Lahontan objects: true, reason is the same for all humans, but the very existence of judges and punishment shows that not everyone is capable of following its dictates: Lahontan: This is why the wicked need to be punished, and the good need to be rewarded. Otherwise, murder, robbery and defamation would spread everywhere, and, in a word, we would become the most miserable people upon the face of the earth.
Kandiaronk: For my own part, I find it hard to see how you could be much more miserable than you already are. What kind of human, what species of creature, must Europeans be, that they have to be forced to do good, and only refrain from evil because of fear of punishment?… You have observed that we lack judges. What is the reason for that? Well, we never bring lawsuits against one another. And why do we never bring lawsuits? Well, because we made a decision neither to accept or make use of money. And why do we refuse to allow money into our communities? The reason is this: we are determined not to have laws–because, since the world was a world, our ancestors have been able to live contentedly without them.
Given that the Wendat most certainly did have a legal code, this might seem disingenuous on Kandiaronk’s part. By laws, however, he is clearly referring to laws of a coercive or punitive nature. He goes on to dissect the failings of the French legal system, dwelling particularly on judicial persecution, false testimony, torture, witchcraft accusations and differential justice for rich and poor. In conclusion, he swings back to his original observation: the whole apparatus of trying to force people to behave well would be unnecessary if France did not also maintain a contrary apparatus that encourages people to behave badly. That apparatus consisted of money, property rights and the resultant pursuit of material self-interest: Kandiaronk: I have spent six years reflecting on the state of European society and I still can’t think of a single way they act that’s not inhuman, and I genuinely think this can only be the case, as long as you stick to your distinctions of ‘mine’ and ‘thine’. I affirm that what you call money is the devil of devils; the tyrant of the French, the source of all evils; the bane of souls and slaughterhouse of the living. To imagine one can live in the country of money and preserve one’s soul is like imagining one could preserve one’s life at the bottom of a lake. Money is the father of luxury, lasciviousness, intrigues, trickery, lies, betrayal, insincerity,–of all the world’s worst behaviour. Fathers sell their children, husbands their wives, wives betray their husbands, brothers kill each other, friends are false, and all because of money. In the light of all this, tell me that we Wendat are not right in refusing to touch, or so much as to look at silver?

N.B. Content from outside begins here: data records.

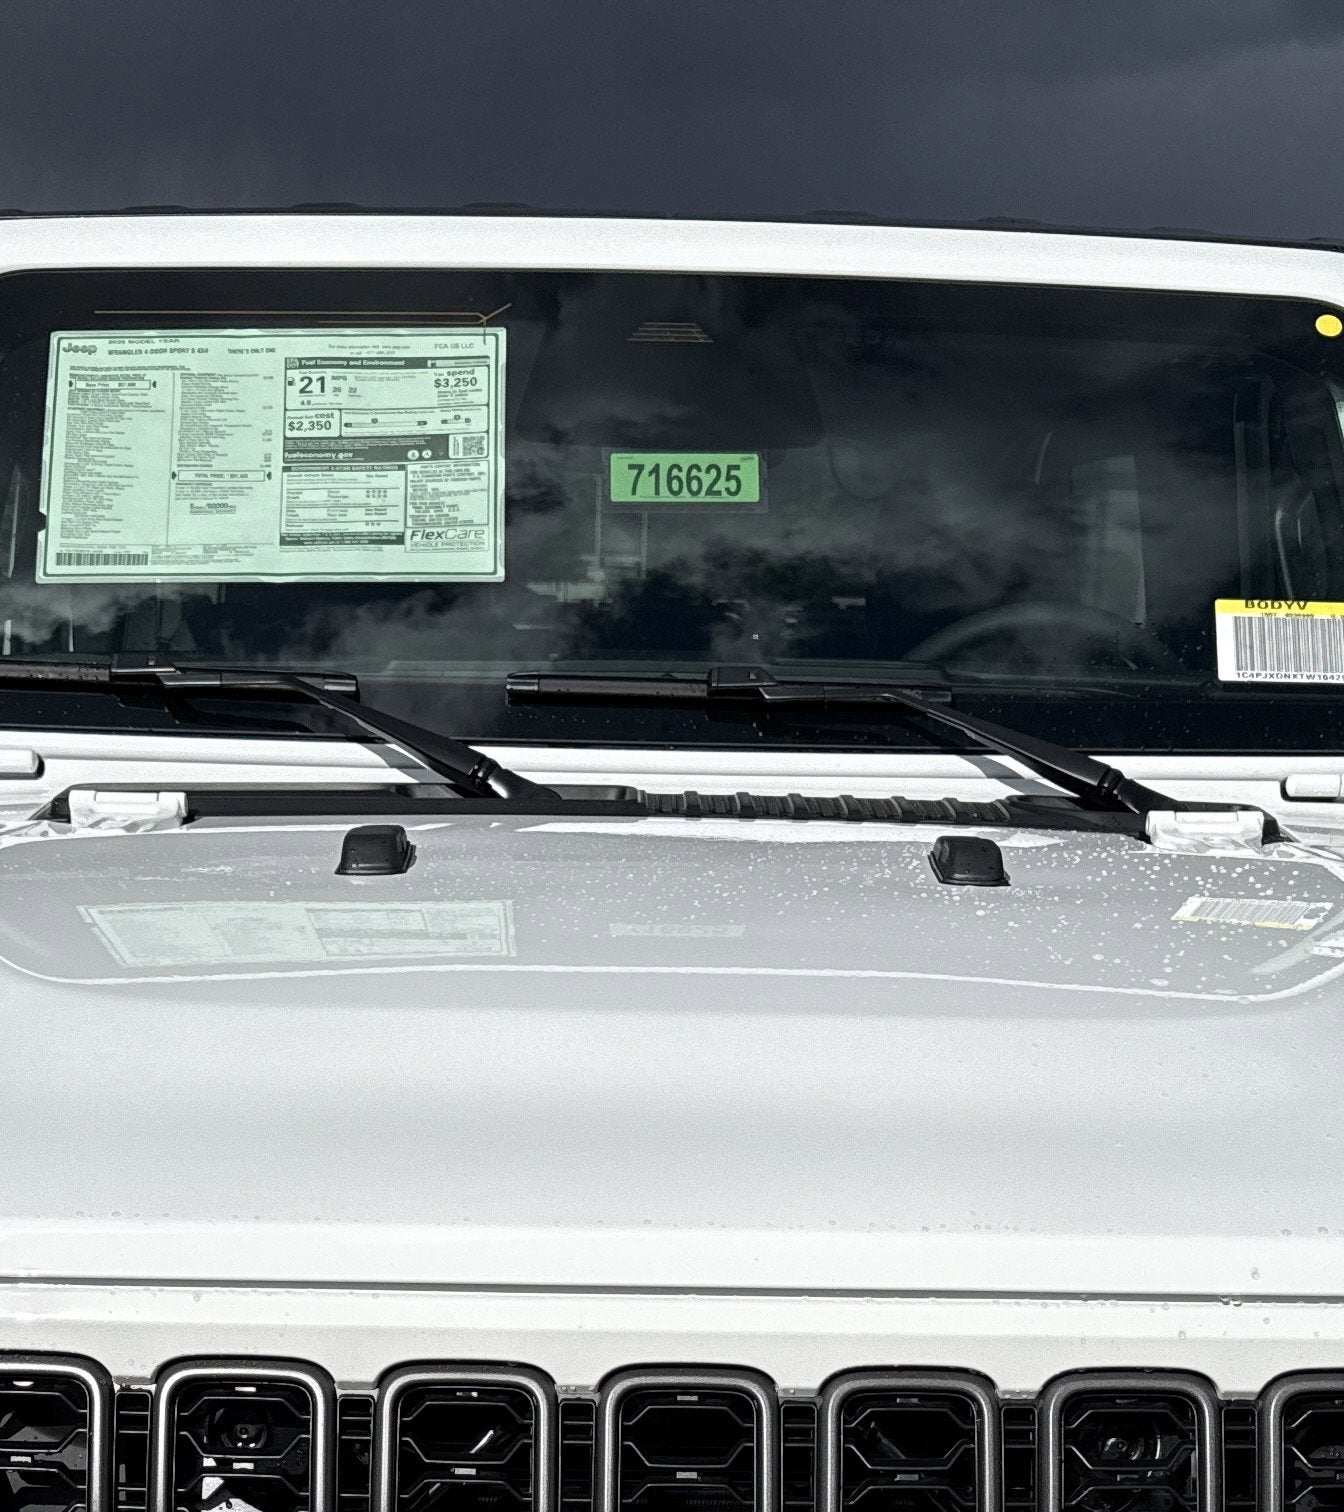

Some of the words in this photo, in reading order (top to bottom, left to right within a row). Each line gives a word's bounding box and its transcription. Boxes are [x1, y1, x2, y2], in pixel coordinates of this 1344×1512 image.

[62, 342, 97, 355] Jeep
[317, 359, 347, 367] Economy
[447, 369, 475, 377] spend
[299, 376, 325, 394] 21
[434, 377, 478, 389] $3,250
[288, 420, 332, 432] $2,350
[284, 452, 354, 460] fueleconomy.gov
[627, 463, 742, 497] 716625
[410, 528, 485, 541] FlexCare
[1244, 600, 1308, 610] BODYV
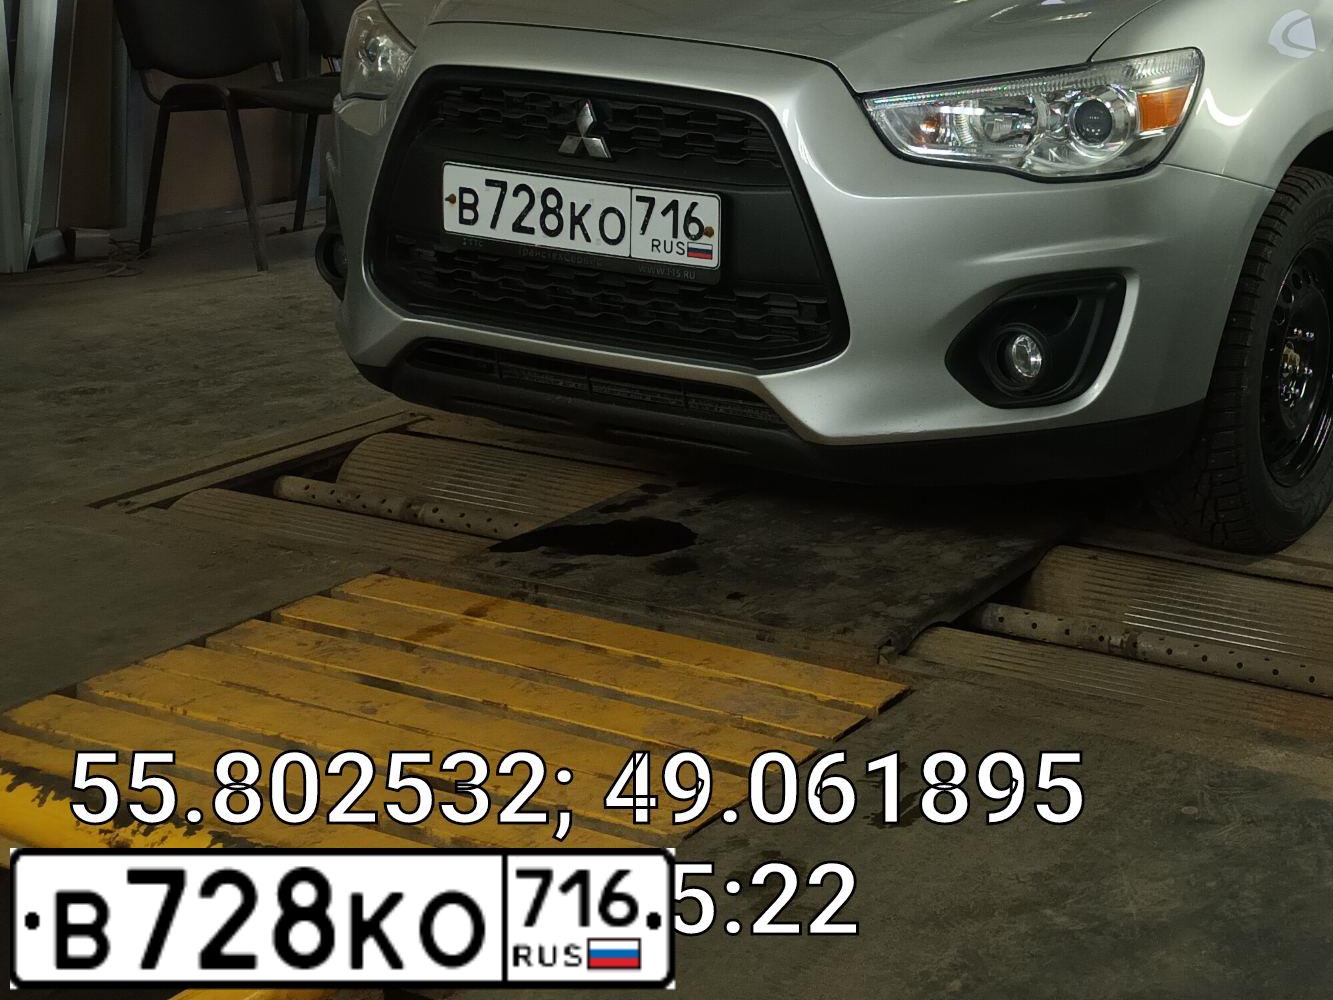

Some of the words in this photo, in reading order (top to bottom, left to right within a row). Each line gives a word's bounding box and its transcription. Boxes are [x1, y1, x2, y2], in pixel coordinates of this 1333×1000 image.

[458, 178, 626, 246] В728КО
[635, 195, 705, 241] 716
[651, 239, 686, 256] RUS

For Europeans in 1703, this was heady stuff.
— The Dawn of Everything: A New History of Humanity by David Graeber and David Wengrow
Thank you very much for this! Amazing stuff. I've got to read more of The Dawn of Everything. I've been reading an historical novel, The Old American, in which the protagonist is the son of Metacomet who was sold into slavery in Bermuda at the end of King Philip's War in 1676 . Metacomet did have a son (name unknown?), who was 9 years old in 1676. The author invents a name for him and a biography, in which he escapes from slavery , travels to Europe, and ends up in French Canada in old age.. I've go to get back to reading the book.

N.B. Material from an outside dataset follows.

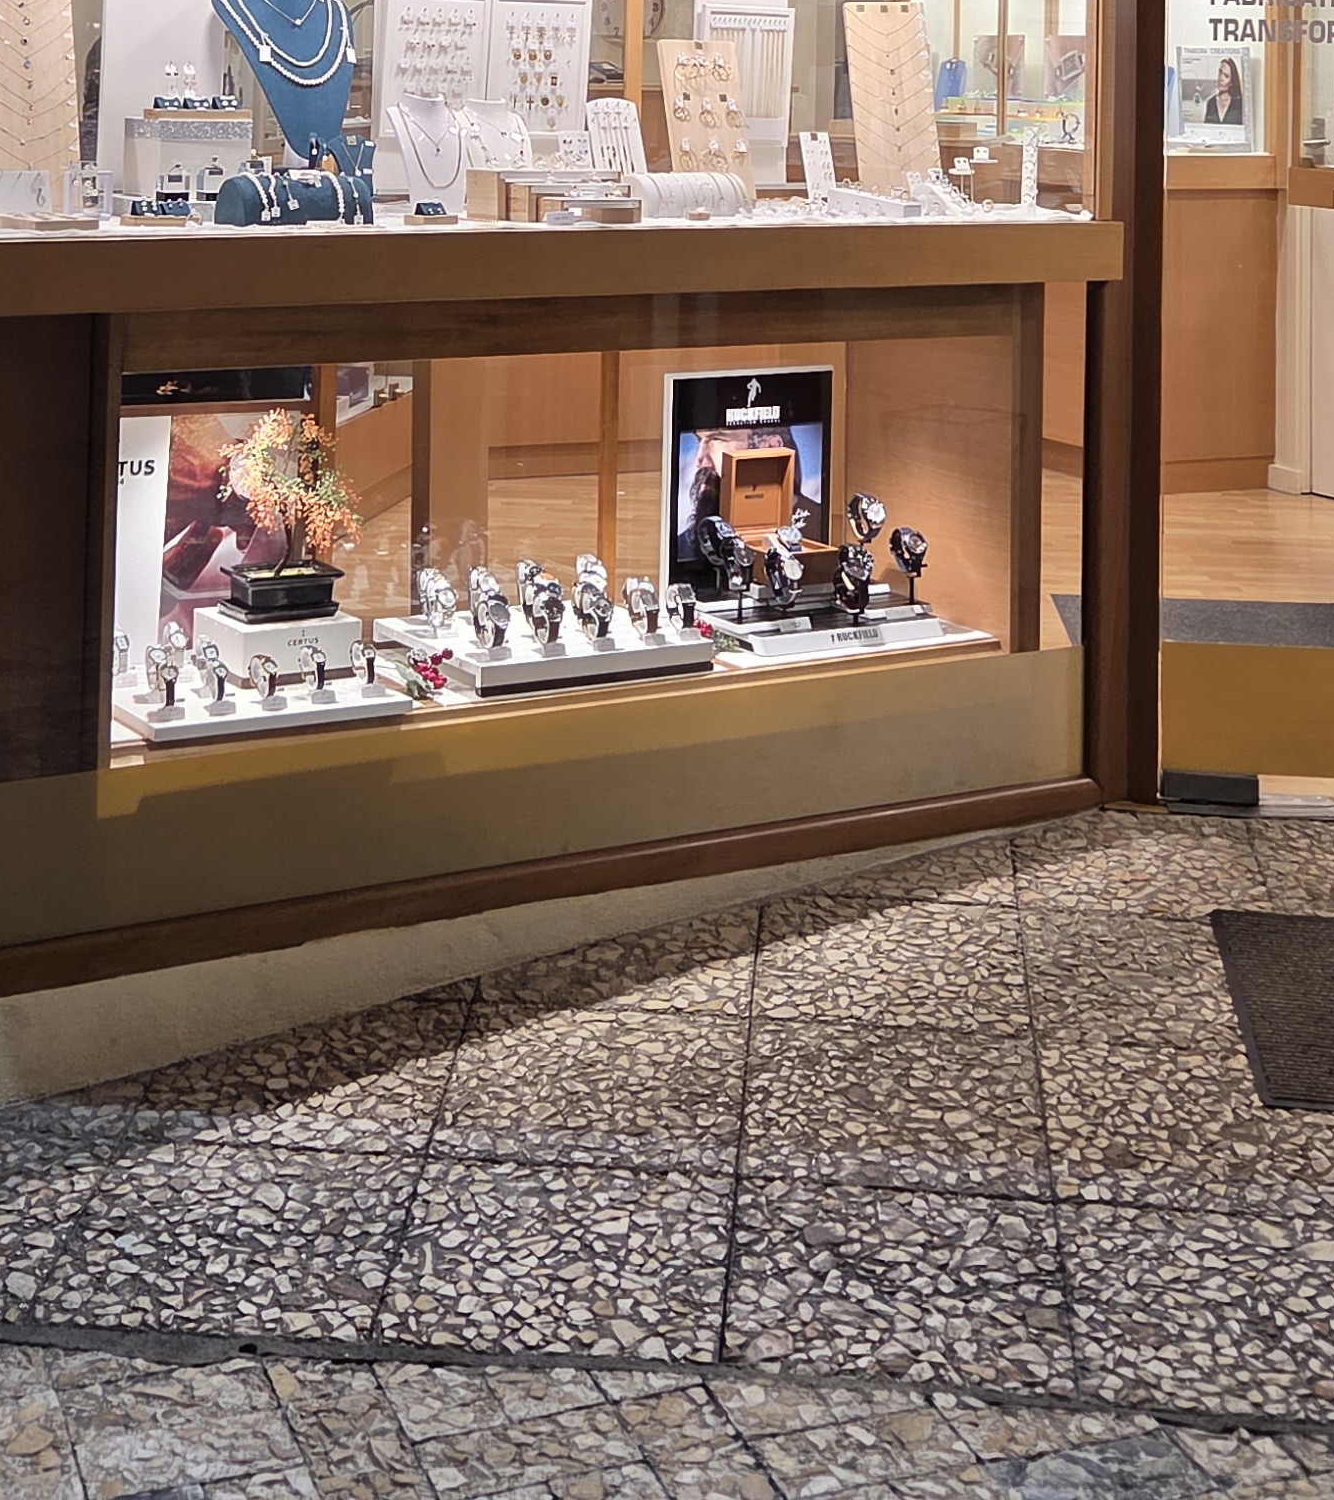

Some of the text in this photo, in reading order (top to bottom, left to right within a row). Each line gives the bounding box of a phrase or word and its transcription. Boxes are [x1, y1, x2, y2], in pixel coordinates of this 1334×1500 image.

[726, 406, 781, 421] RUCKFIELD
[287, 637, 319, 646] CERTUS
[836, 628, 878, 642] RUCKFIELD

The idea that the humans are the result of evolution from a less well organized species who managed to get by through hunter-gathering methods, has not found a satisfactory replacement theory. It was a natural result for nomadic and local farming ways to follow from this, so if there is another better explanation for ourselves in society kindly come out with it in simple terms as expressed in this previous sentence, or shut up!